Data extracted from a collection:
===

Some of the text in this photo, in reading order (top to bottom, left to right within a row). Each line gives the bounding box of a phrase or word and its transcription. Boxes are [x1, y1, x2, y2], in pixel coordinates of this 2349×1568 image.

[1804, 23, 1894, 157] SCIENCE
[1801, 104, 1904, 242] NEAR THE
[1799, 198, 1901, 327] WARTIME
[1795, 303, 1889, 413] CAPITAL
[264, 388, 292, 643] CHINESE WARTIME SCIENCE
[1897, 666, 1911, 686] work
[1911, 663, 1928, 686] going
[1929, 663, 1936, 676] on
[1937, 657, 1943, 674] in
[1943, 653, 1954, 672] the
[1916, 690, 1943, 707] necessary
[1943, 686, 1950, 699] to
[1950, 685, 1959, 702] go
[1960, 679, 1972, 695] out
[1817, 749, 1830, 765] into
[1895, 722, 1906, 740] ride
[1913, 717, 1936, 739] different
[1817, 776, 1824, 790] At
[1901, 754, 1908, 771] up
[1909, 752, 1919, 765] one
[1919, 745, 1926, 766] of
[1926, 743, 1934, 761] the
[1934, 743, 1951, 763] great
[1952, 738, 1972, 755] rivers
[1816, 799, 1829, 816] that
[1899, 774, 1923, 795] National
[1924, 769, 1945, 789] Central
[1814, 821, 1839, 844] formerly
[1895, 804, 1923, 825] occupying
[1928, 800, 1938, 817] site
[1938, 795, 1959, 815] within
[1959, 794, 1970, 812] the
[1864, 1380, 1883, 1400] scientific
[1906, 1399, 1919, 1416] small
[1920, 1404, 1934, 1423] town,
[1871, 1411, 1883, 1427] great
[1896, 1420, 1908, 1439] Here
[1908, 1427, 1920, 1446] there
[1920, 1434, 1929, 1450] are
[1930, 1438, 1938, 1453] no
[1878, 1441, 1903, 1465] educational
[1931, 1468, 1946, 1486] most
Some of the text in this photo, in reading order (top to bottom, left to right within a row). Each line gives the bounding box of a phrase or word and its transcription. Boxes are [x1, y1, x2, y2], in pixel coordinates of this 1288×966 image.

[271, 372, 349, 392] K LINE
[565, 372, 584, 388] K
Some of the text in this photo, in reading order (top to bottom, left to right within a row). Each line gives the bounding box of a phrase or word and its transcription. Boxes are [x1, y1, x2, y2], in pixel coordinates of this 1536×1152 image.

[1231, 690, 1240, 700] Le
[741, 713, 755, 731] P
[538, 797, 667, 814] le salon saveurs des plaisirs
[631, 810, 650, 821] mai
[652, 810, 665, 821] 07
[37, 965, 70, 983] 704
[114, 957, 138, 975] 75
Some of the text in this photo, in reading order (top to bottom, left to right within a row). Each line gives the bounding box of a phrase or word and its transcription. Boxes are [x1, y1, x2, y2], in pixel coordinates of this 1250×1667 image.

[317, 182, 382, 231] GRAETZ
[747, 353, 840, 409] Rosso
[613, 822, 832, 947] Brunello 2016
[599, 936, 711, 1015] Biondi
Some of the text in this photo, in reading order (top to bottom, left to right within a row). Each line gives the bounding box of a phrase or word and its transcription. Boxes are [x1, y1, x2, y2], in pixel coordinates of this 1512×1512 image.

===

Exercise: Make an exact transcription of all the records.

Exercise solution:
Some of the text in this photo, in reading order (top to bottom, left to right within a row). Each line gives the bounding box of a phrase or word and its transcription. Boxes are [x1, y1, x2, y2], in pixel coordinates of this 2349×1568 image.

[1804, 23, 1894, 157] SCIENCE
[1801, 104, 1904, 242] NEAR THE
[1799, 198, 1901, 327] WARTIME
[1795, 303, 1889, 413] CAPITAL
[264, 388, 292, 643] CHINESE WARTIME SCIENCE
[1897, 666, 1911, 686] work
[1911, 663, 1928, 686] going
[1929, 663, 1936, 676] on
[1937, 657, 1943, 674] in
[1943, 653, 1954, 672] the
[1916, 690, 1943, 707] necessary
[1943, 686, 1950, 699] to
[1950, 685, 1959, 702] go
[1960, 679, 1972, 695] out
[1817, 749, 1830, 765] into
[1895, 722, 1906, 740] ride
[1913, 717, 1936, 739] different
[1817, 776, 1824, 790] At
[1901, 754, 1908, 771] up
[1909, 752, 1919, 765] one
[1919, 745, 1926, 766] of
[1926, 743, 1934, 761] the
[1934, 743, 1951, 763] great
[1952, 738, 1972, 755] rivers
[1816, 799, 1829, 816] that
[1899, 774, 1923, 795] National
[1924, 769, 1945, 789] Central
[1814, 821, 1839, 844] formerly
[1895, 804, 1923, 825] occupying
[1928, 800, 1938, 817] site
[1938, 795, 1959, 815] within
[1959, 794, 1970, 812] the
[1864, 1380, 1883, 1400] scientific
[1906, 1399, 1919, 1416] small
[1920, 1404, 1934, 1423] town,
[1871, 1411, 1883, 1427] great
[1896, 1420, 1908, 1439] Here
[1908, 1427, 1920, 1446] there
[1920, 1434, 1929, 1450] are
[1930, 1438, 1938, 1453] no
[1878, 1441, 1903, 1465] educational
[1931, 1468, 1946, 1486] most
Some of the text in this photo, in reading order (top to bottom, left to right within a row). Each line gives the bounding box of a phrase or word and its transcription. Boxes are [x1, y1, x2, y2], in pixel coordinates of this 1288×966 image.

[271, 372, 349, 392] K LINE
[565, 372, 584, 388] K
Some of the text in this photo, in reading order (top to bottom, left to right within a row). Each line gives the bounding box of a phrase or word and its transcription. Boxes are [x1, y1, x2, y2], in pixel coordinates of this 1536×1152 image.

[1231, 690, 1240, 700] Le
[741, 713, 755, 731] P
[538, 797, 667, 814] le salon saveurs des plaisirs
[631, 810, 650, 821] mai
[652, 810, 665, 821] 07
[37, 965, 70, 983] 704
[114, 957, 138, 975] 75
Some of the text in this photo, in reading order (top to bottom, left to right within a row). Each line gives the bounding box of a phrase or word and its transcription. Boxes are [x1, y1, x2, y2], in pixel coordinates of this 1250×1667 image.

[317, 182, 382, 231] GRAETZ
[747, 353, 840, 409] Rosso
[613, 822, 832, 947] Brunello 2016
[599, 936, 711, 1015] Biondi
Some of the text in this photo, in reading order (top to bottom, left to right within a row). Each line gives the bounding box of a phrase or word and its transcription. Boxes are [x1, y1, x2, y2], in pixel coordinates of this 1512×1512 image.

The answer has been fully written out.